If you look closely, you will see this perennial combination combines all three principles we’ve discussed—contrasting colors, color echo and contrasting textures. Fall in Love™ ‘Sweetly’ Japanese anemones are adorned with yellow pollen laden centers which are echoed in the yellow sedge at their feet. Magenta pink and chartreuse yellow are contrasting colors on the color wheel. The relatively broad leaves of the Japanese anemone contrast nicely with the narrow bladed strappy sedge.
Brick Road Recipe – A study of warm, harmonious colors and textural contrast
ColorBlaze® Sedona Sunset™ Coleus
Rockapulco® Orange Double Impatiens
Sweet Caroline Red Hawk™ Sweet Potato Vine
ColorBlaze® Chocolate Drop Coleus
This gorgeous combination looks so well-designed because it uses all of the principles we’ve discussed. Overall, this is a very warm color palette of deep purplish reds and shades of orange. All of these colors are close together on the color wheel, making this a harmonious color palette.

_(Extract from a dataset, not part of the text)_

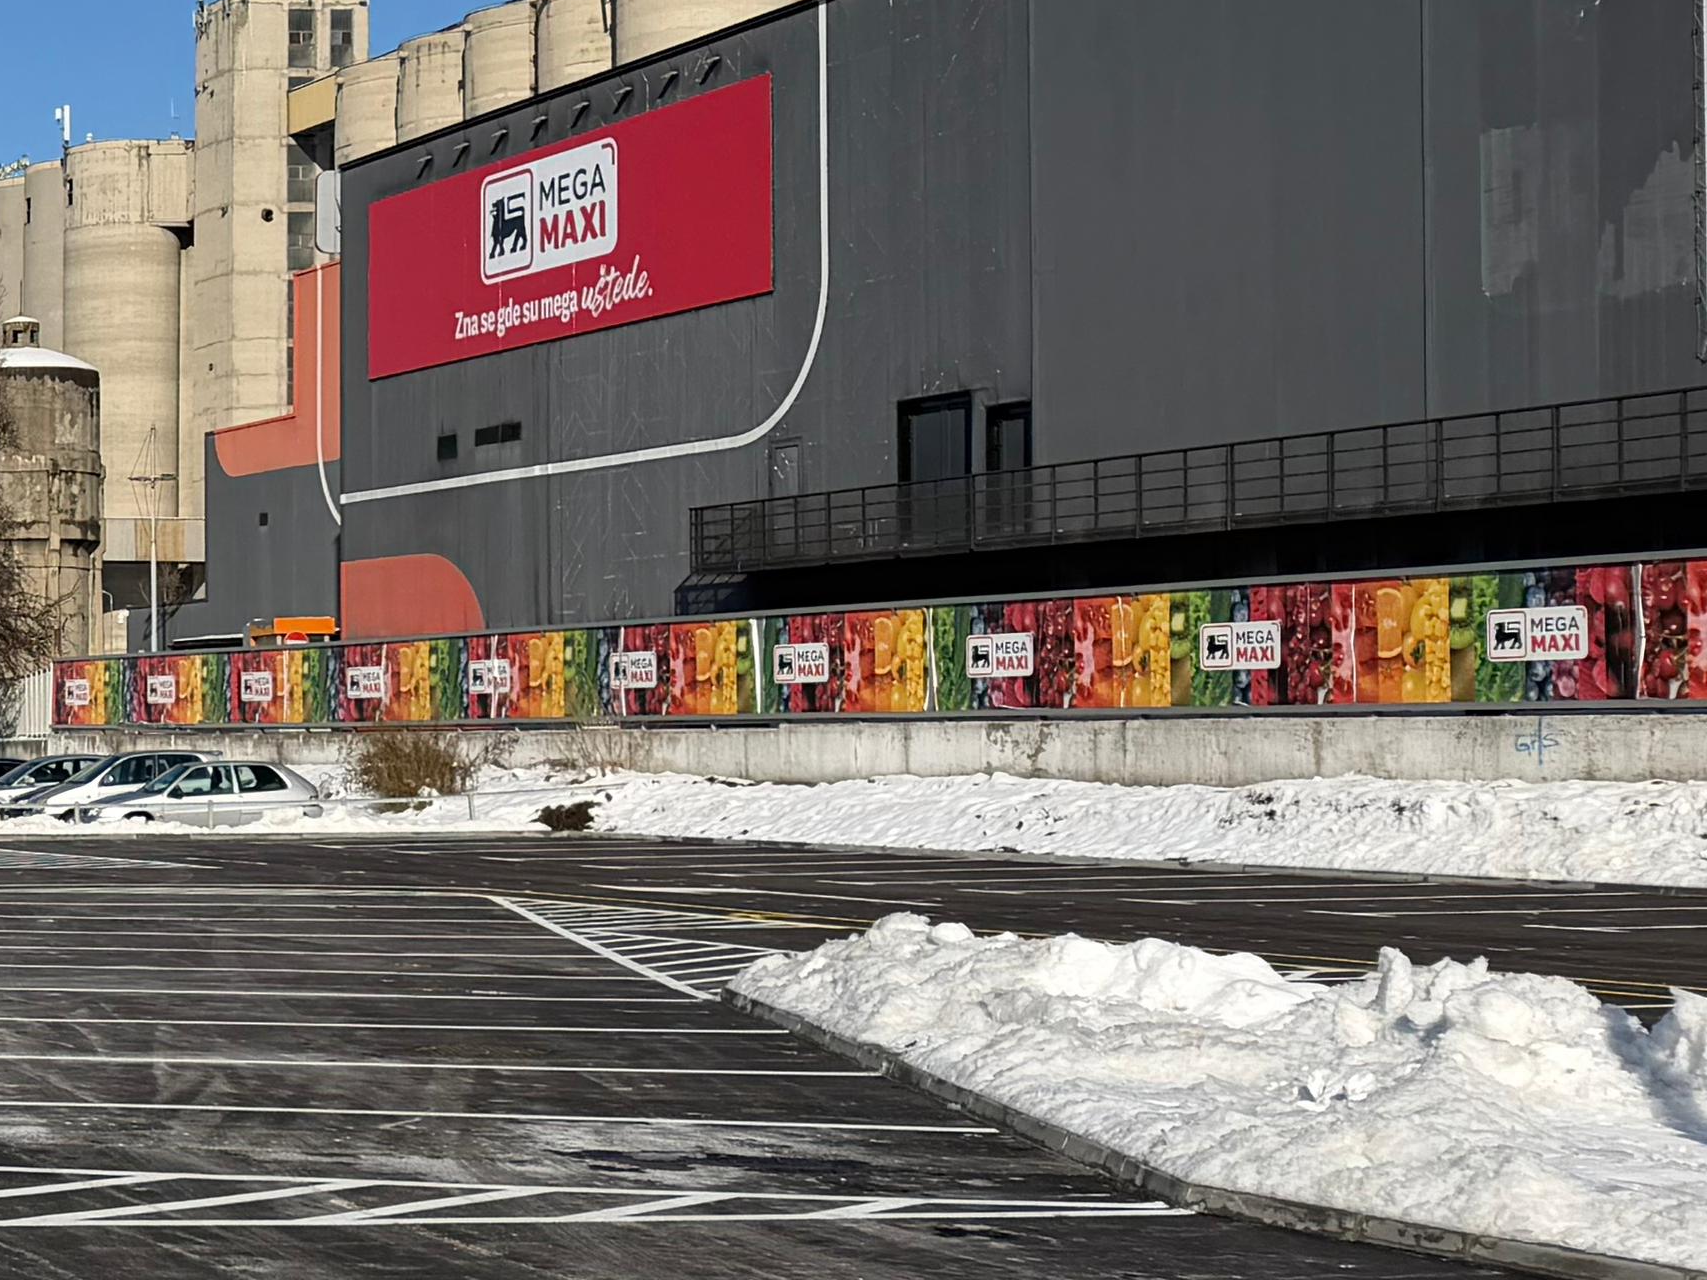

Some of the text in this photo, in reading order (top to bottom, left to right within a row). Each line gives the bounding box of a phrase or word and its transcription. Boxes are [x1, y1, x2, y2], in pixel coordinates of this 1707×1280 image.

Look at the many different leaf shapes in this container recipe. We have broad, flat leaves near the top, pointy maple-shaped leaves throughout, and the small, scalloped, rounded leaves of the trailing coleus. The impatiens flowers are also rounded, echoing the shape of the trailing coleus leaves. By including such a diverse palette of foliage textures, it gives this entire container an energetic feel and our eyes linger to take it all in.
When you look at your favorite container recipes you are growing this year, study them through the lens of color and texture. Do they include a mix of contrasting or harmonious colors? If your favorites have contrasting colors, make a note to explore more contrasting color combinations for your pots next year. How is the mix of textures looking in your containers? Is there enough of a mix, or could you swap in a different plant with smaller or larger leaves for contrast instead? Make a note of that, too.
Mastering the use of color and texture in design takes some practice, but once you do, your containers and landscape will look like they were designed by a pro—YOU!
1 thought on “How to Create Color and Textural Contrast in the Landscape”
Great article! Quilters use the same color wheel when planning their quilts. There are many gardeners who also quilt. For us northerners who do both, we have seasons for each passion. Live your web site and your plants. Proven Winners are just as they are named!